(Stored records)
|---|
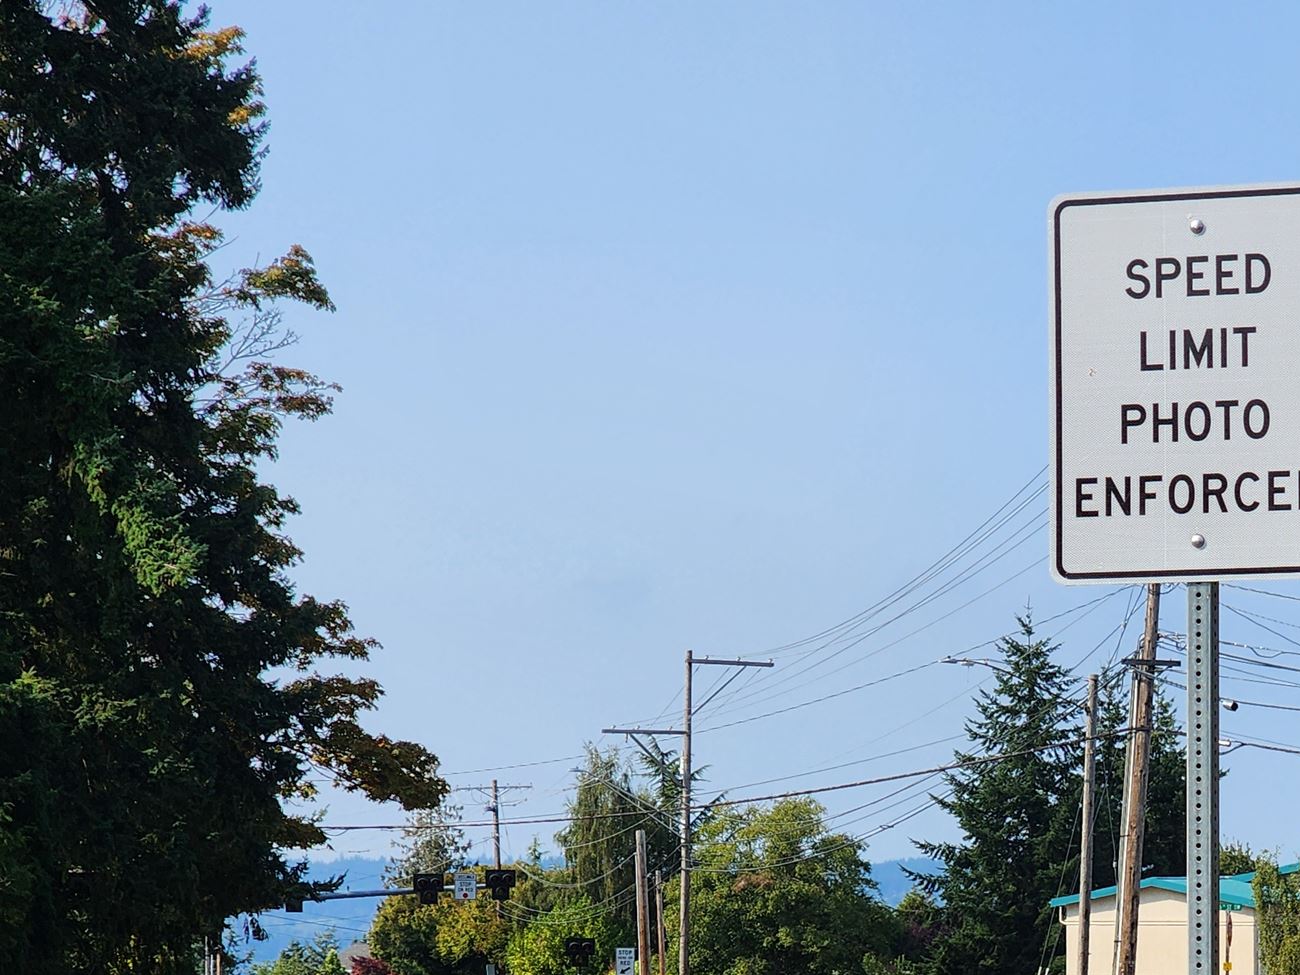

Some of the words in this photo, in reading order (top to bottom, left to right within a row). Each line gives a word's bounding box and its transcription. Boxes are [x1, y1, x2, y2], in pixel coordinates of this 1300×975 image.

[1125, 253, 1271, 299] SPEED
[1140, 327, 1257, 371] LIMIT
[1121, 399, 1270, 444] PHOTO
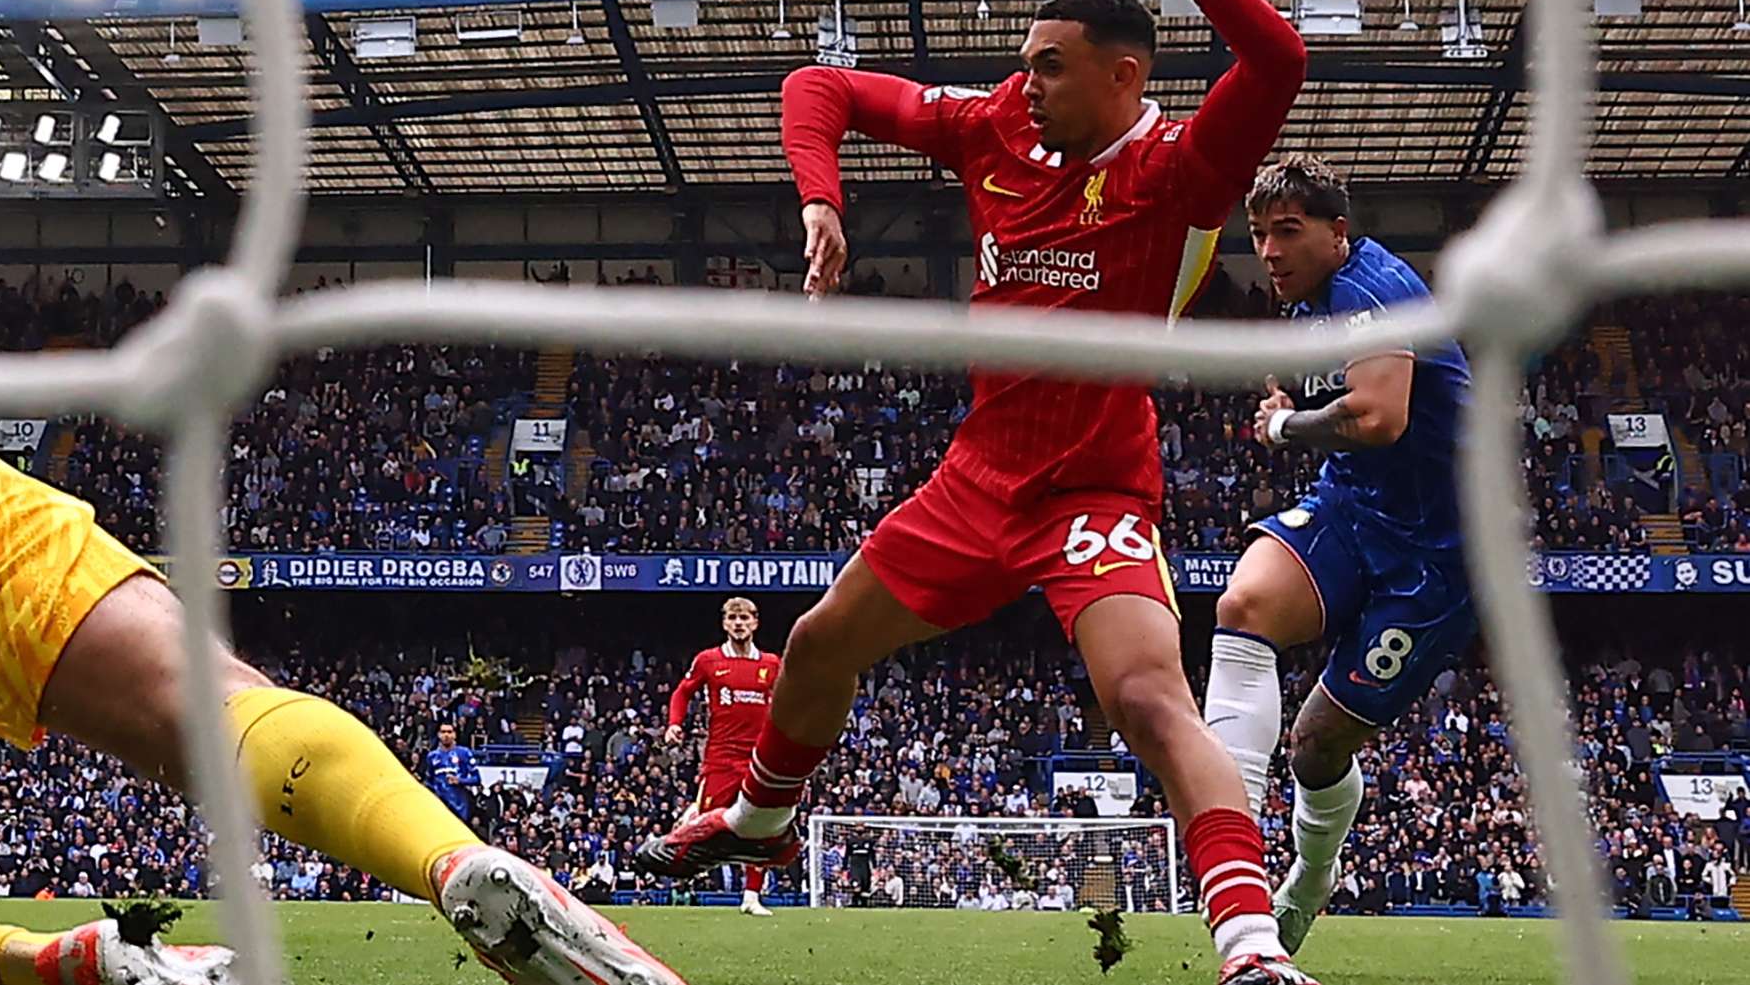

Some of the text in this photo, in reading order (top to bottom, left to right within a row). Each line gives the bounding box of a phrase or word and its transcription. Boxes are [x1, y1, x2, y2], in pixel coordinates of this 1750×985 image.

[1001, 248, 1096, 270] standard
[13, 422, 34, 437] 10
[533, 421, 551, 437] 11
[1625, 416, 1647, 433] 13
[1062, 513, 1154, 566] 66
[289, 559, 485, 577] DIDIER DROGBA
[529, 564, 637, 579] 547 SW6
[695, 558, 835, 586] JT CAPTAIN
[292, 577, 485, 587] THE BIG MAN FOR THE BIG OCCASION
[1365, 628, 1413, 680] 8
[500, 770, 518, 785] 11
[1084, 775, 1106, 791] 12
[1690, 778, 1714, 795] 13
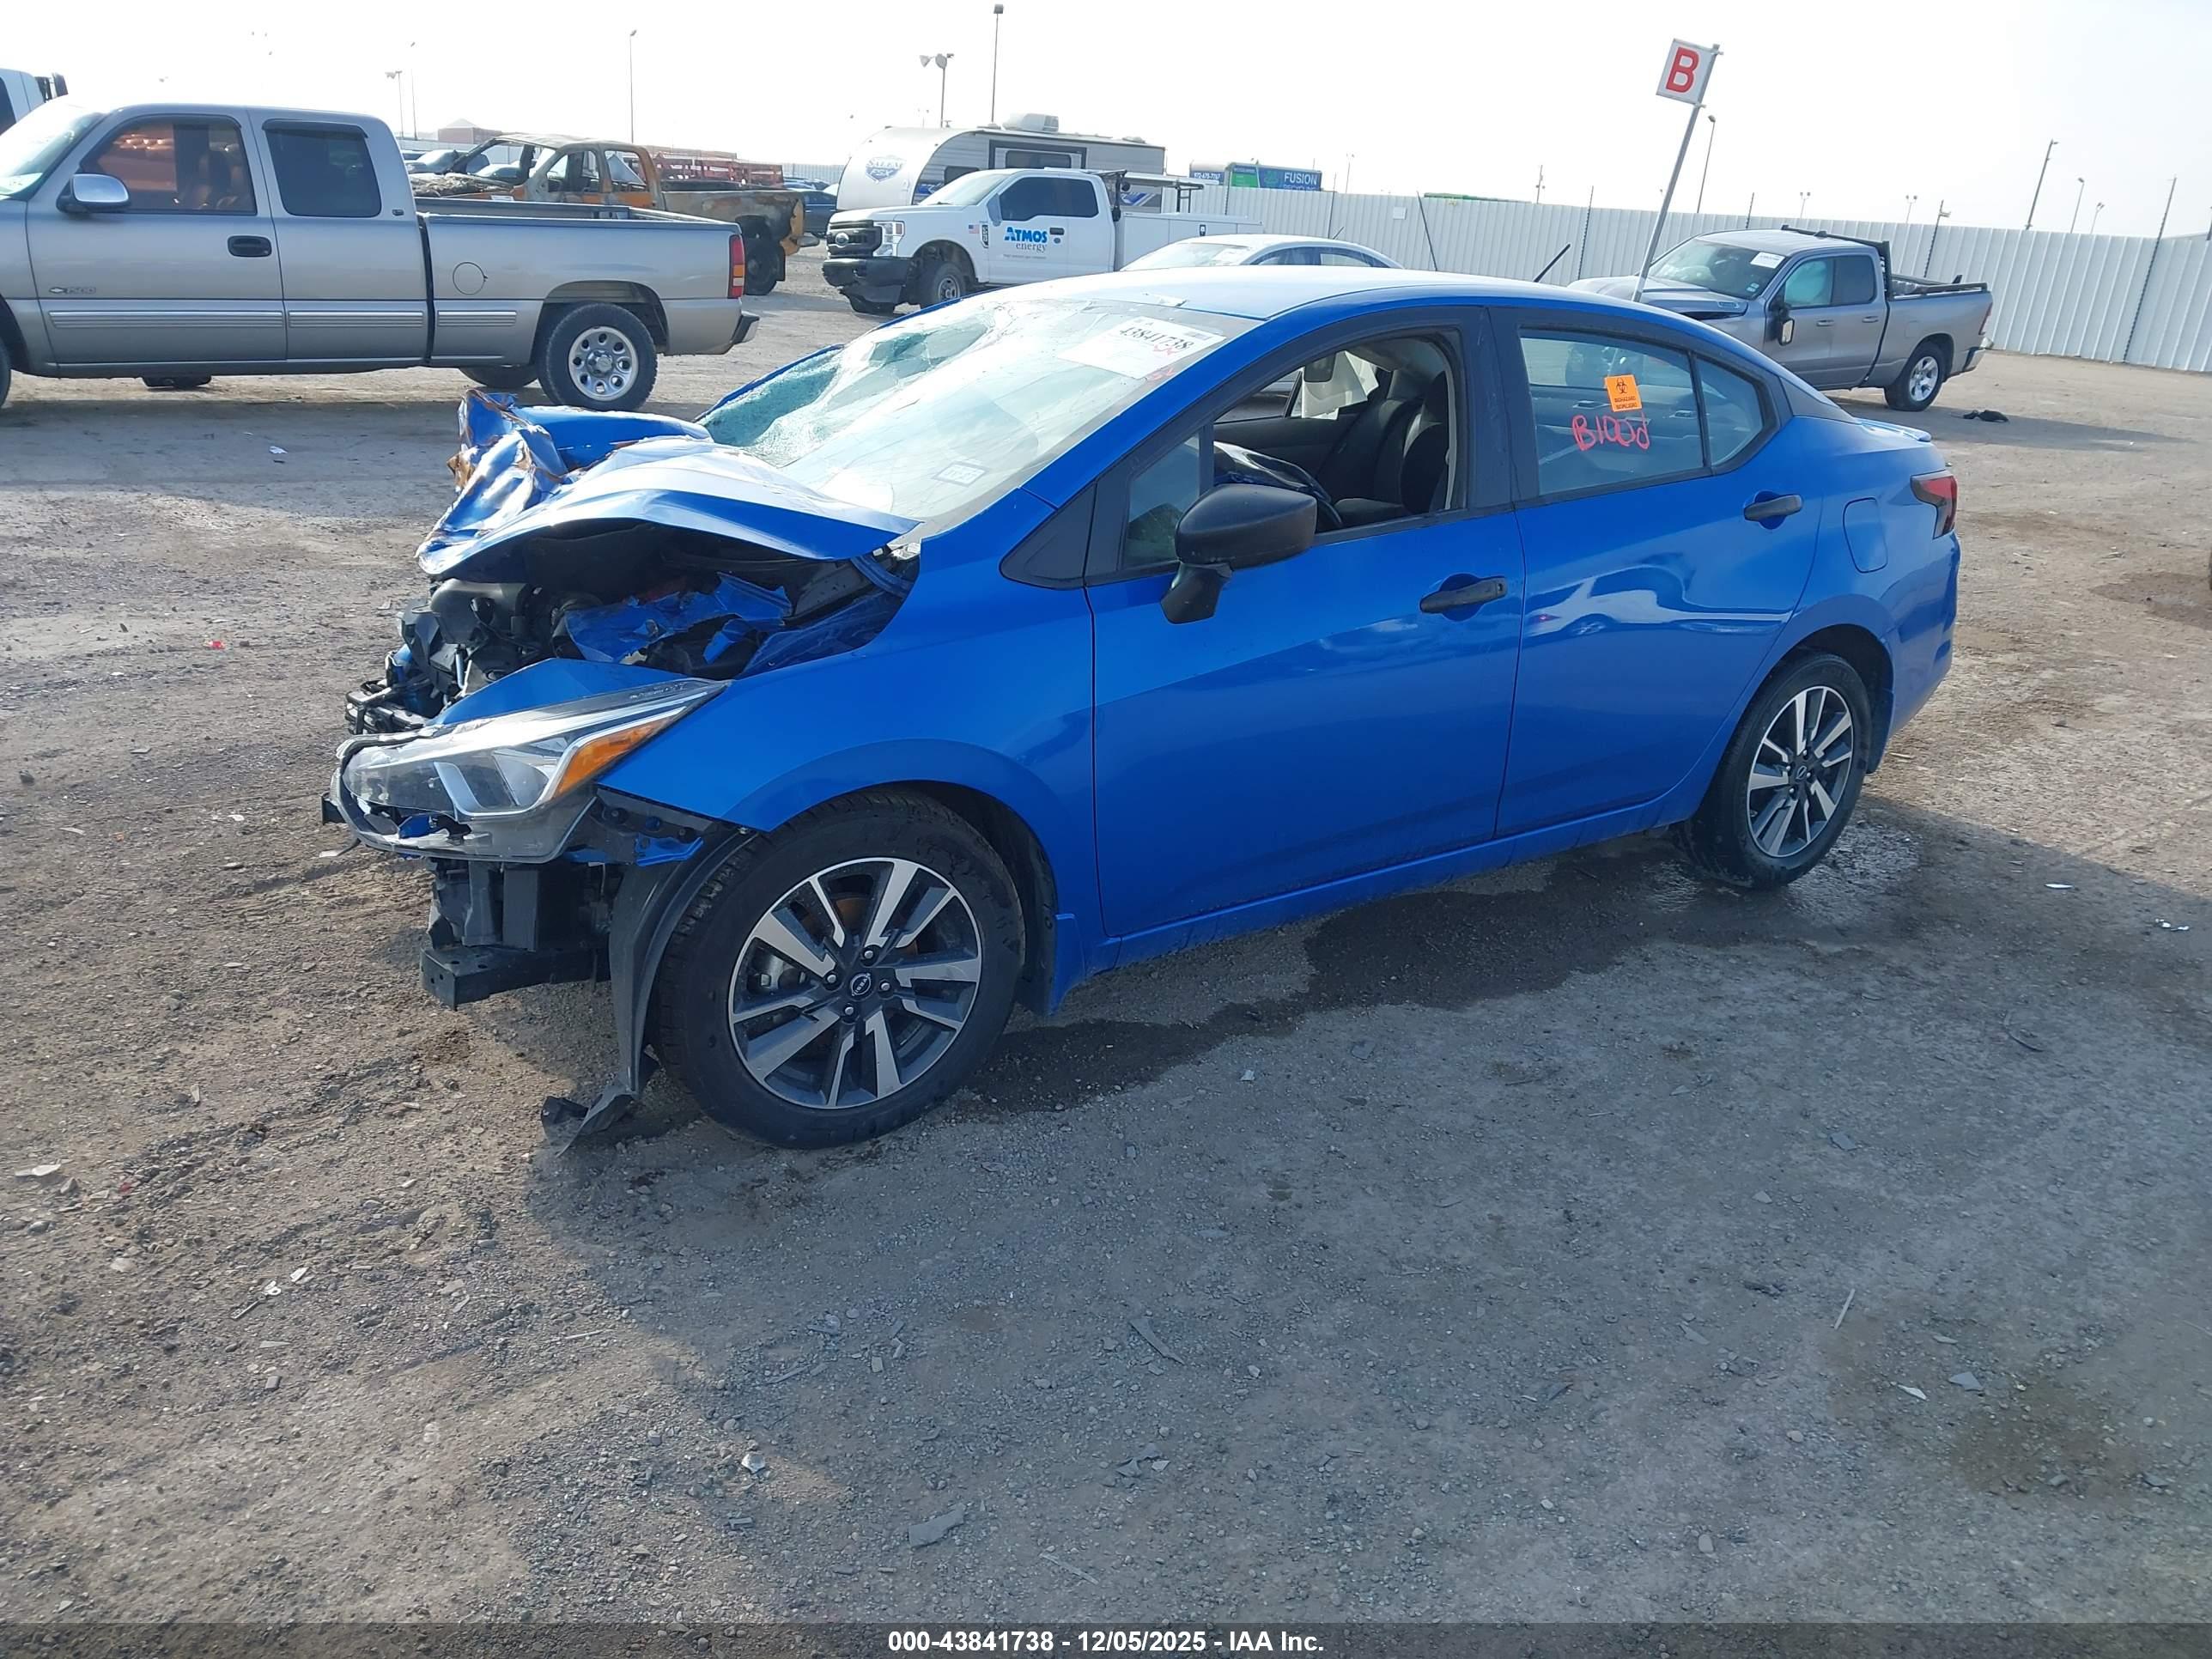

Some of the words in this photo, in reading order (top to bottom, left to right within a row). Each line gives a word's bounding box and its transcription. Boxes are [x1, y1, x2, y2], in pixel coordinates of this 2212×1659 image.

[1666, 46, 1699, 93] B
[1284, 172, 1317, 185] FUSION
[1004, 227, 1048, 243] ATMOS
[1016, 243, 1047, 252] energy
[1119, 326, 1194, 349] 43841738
|---|
Task to complete
Copy every record verbatim while leaving each picture out.

Answer below
Some of the words in this photo, in reading order (top to bottom, left to right within a row). Each line gives a word's bounding box and its transcription. Boxes are [x1, y1, x2, y2], in pixel coordinates of this 1300×975 image.

[1125, 253, 1271, 299] SPEED
[1140, 327, 1257, 371] LIMIT
[1121, 399, 1270, 444] PHOTO

Some of the text in this photo, in reading order (top to bottom, left to right within a row). Each line gives the bounding box of a phrase or word and its transcription. Boxes are [x1, y1, x2, y2], in pixel coordinates of this 1750×985 image.

[1001, 248, 1096, 270] standard
[13, 422, 34, 437] 10
[533, 421, 551, 437] 11
[1625, 416, 1647, 433] 13
[1062, 513, 1154, 566] 66
[289, 559, 485, 577] DIDIER DROGBA
[529, 564, 637, 579] 547 SW6
[695, 558, 835, 586] JT CAPTAIN
[292, 577, 485, 587] THE BIG MAN FOR THE BIG OCCASION
[1365, 628, 1413, 680] 8
[500, 770, 518, 785] 11
[1084, 775, 1106, 791] 12
[1690, 778, 1714, 795] 13

Some of the words in this photo, in reading order (top to bottom, left to right within a row). Each line gives a word's bounding box and its transcription. Boxes are [x1, y1, x2, y2], in pixel coordinates of this 2212×1659 image.

[1666, 46, 1699, 93] B
[1284, 172, 1317, 185] FUSION
[1004, 227, 1048, 243] ATMOS
[1016, 243, 1047, 252] energy
[1119, 326, 1194, 349] 43841738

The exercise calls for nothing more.